SOURCE INFORMATION below:
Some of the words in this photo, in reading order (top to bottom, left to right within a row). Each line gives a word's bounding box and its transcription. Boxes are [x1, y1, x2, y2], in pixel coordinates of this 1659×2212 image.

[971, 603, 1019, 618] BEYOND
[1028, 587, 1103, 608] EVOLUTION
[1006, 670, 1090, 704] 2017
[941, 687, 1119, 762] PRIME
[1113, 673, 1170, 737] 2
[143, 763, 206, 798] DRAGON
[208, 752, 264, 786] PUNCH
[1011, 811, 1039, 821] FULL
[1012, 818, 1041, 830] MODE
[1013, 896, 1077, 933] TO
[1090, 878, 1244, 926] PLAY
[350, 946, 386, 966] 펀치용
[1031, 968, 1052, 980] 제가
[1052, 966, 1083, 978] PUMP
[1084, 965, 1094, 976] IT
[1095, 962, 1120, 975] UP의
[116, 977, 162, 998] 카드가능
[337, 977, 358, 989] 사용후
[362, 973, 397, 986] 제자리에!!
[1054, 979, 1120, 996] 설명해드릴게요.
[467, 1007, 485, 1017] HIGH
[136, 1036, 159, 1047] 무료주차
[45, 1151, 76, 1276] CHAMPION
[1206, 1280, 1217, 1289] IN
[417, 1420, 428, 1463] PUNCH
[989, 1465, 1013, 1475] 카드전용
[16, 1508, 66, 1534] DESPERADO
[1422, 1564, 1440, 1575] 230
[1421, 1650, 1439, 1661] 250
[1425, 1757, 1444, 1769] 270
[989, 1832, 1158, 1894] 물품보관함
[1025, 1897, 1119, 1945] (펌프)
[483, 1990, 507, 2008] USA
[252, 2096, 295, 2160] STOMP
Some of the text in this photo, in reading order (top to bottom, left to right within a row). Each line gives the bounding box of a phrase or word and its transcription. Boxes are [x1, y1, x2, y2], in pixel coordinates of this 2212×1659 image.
End of SOURCE INFORMATION.
ABOUT THIS TASK -
Reproduce all the records precisely.

TASK RESPONSE -
Some of the words in this photo, in reading order (top to bottom, left to right within a row). Each line gives a word's bounding box and its transcription. Boxes are [x1, y1, x2, y2], in pixel coordinates of this 1659×2212 image.

[971, 603, 1019, 618] BEYOND
[1028, 587, 1103, 608] EVOLUTION
[1006, 670, 1090, 704] 2017
[941, 687, 1119, 762] PRIME
[1113, 673, 1170, 737] 2
[143, 763, 206, 798] DRAGON
[208, 752, 264, 786] PUNCH
[1011, 811, 1039, 821] FULL
[1012, 818, 1041, 830] MODE
[1013, 896, 1077, 933] TO
[1090, 878, 1244, 926] PLAY
[350, 946, 386, 966] 펀치용
[1031, 968, 1052, 980] 제가
[1052, 966, 1083, 978] PUMP
[1084, 965, 1094, 976] IT
[1095, 962, 1120, 975] UP의
[116, 977, 162, 998] 카드가능
[337, 977, 358, 989] 사용후
[362, 973, 397, 986] 제자리에!!
[1054, 979, 1120, 996] 설명해드릴게요.
[467, 1007, 485, 1017] HIGH
[136, 1036, 159, 1047] 무료주차
[45, 1151, 76, 1276] CHAMPION
[1206, 1280, 1217, 1289] IN
[417, 1420, 428, 1463] PUNCH
[989, 1465, 1013, 1475] 카드전용
[16, 1508, 66, 1534] DESPERADO
[1422, 1564, 1440, 1575] 230
[1421, 1650, 1439, 1661] 250
[1425, 1757, 1444, 1769] 270
[989, 1832, 1158, 1894] 물품보관함
[1025, 1897, 1119, 1945] (펌프)
[483, 1990, 507, 2008] USA
[252, 2096, 295, 2160] STOMP
Some of the text in this photo, in reading order (top to bottom, left to right within a row). Each line gives the bounding box of a phrase or word and its transcription. Boxes are [x1, y1, x2, y2], in pixel coordinates of this 2212×1659 image.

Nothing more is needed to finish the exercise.